§ TASK INSTRUCTIONS: Your reply is to be the lines below, exactly as written, with images omitted.

§ DATA FOR THIS EXERCISE:
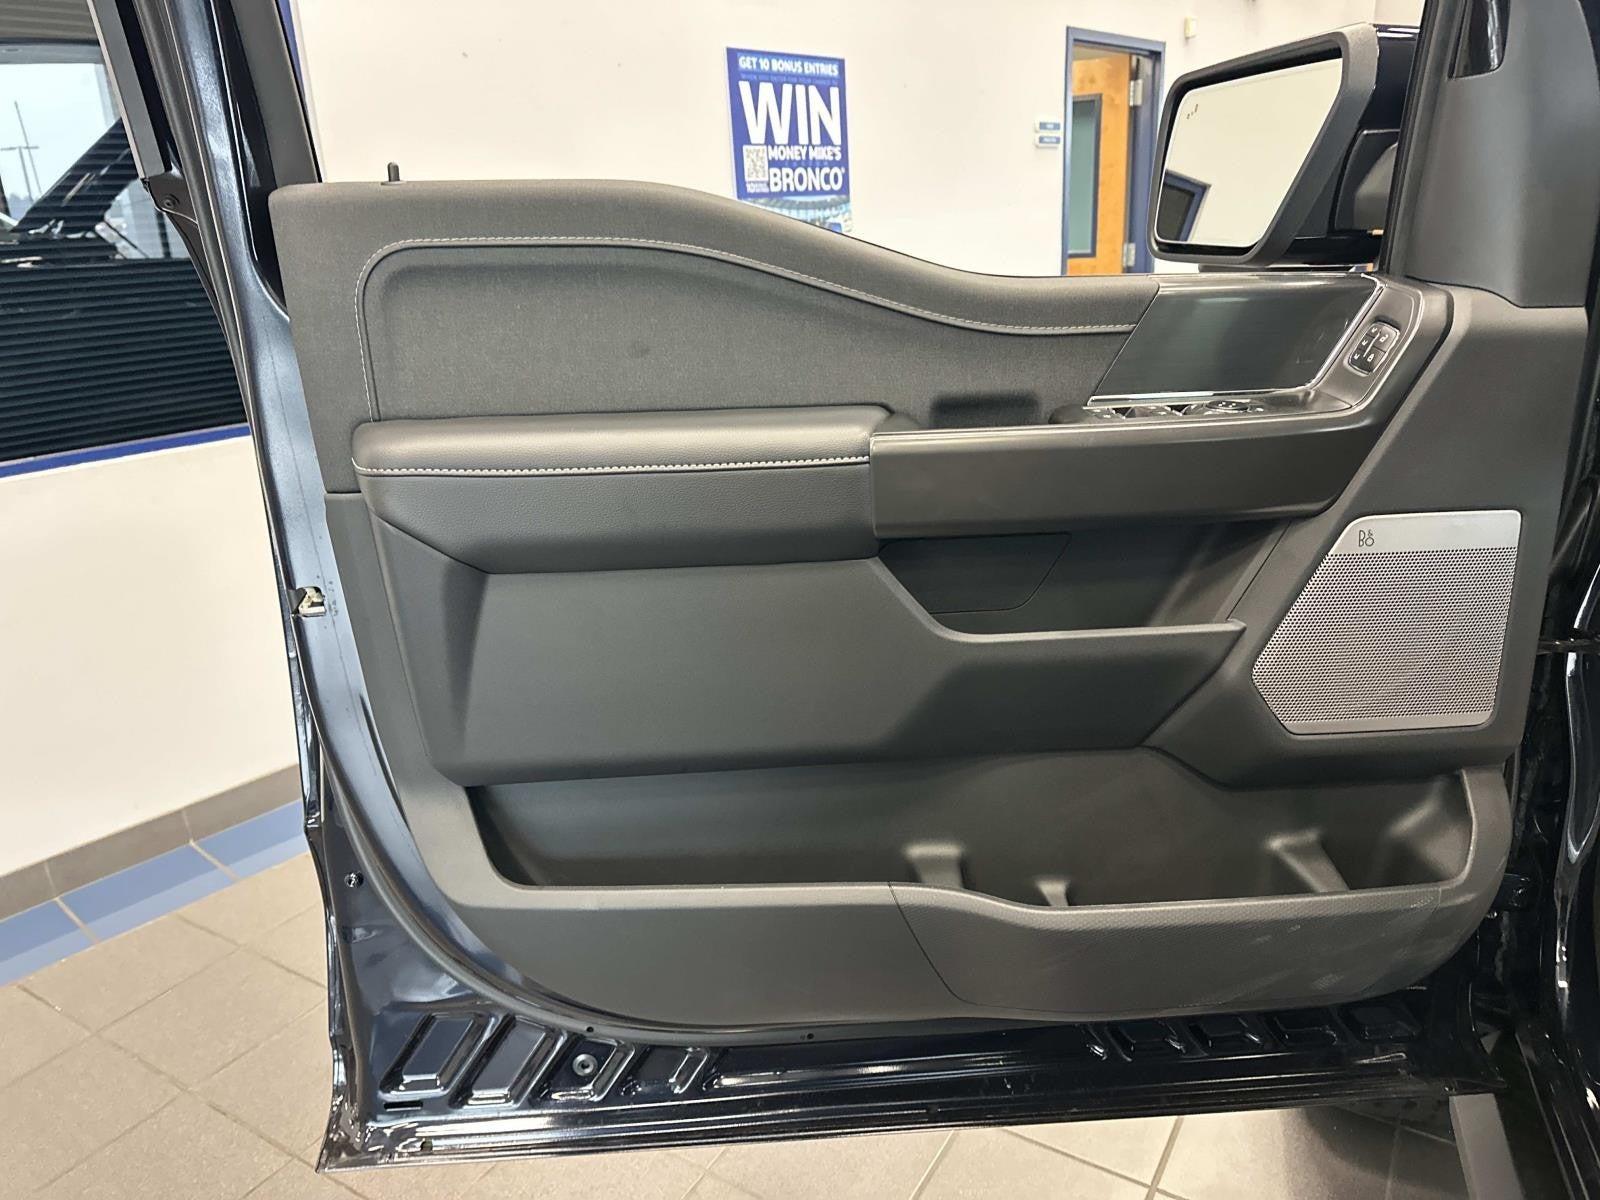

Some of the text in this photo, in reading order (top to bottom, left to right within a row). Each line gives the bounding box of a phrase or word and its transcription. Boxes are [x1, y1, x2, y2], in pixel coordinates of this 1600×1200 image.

[739, 56, 838, 76] GET 10 BONUS ENTRIES
[738, 81, 842, 145] WIN
[768, 145, 807, 160] MONEY
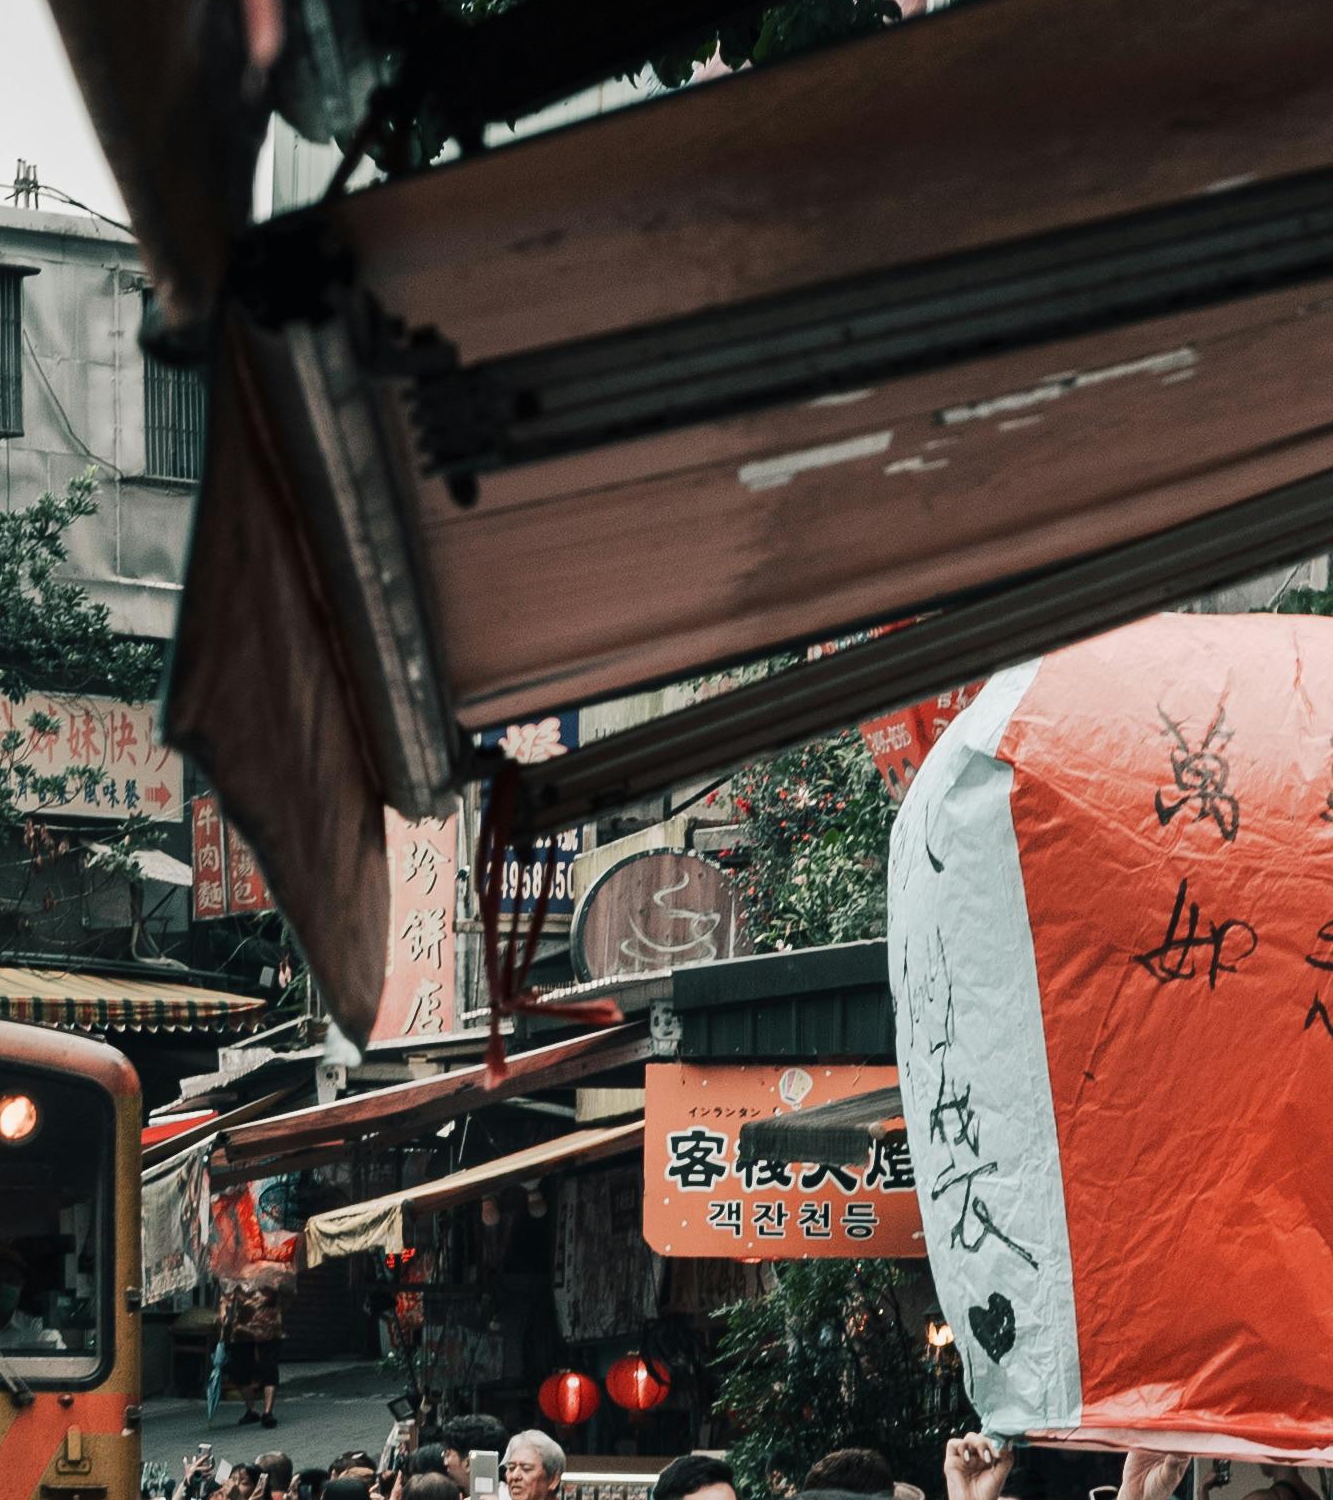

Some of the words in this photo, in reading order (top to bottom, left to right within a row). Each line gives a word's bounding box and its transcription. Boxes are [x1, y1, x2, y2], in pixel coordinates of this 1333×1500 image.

§ ANSWER SECTION:
Some of the text in this photo, in reading order (top to bottom, left to right within a row). Each line gives the bounding box of a phrase or word and its transcription. Boxes are [x1, y1, x2, y2], in pixel coordinates of this 1600×1200 image.

[739, 56, 838, 76] GET 10 BONUS ENTRIES
[738, 81, 842, 145] WIN
[768, 145, 807, 160] MONEY

Some of the words in this photo, in reading order (top to bottom, left to right within a row). Each line gives a word's bounding box and its transcription. Boxes are [x1, y1, x2, y2], in pixel coordinates of this 1333×1500 image.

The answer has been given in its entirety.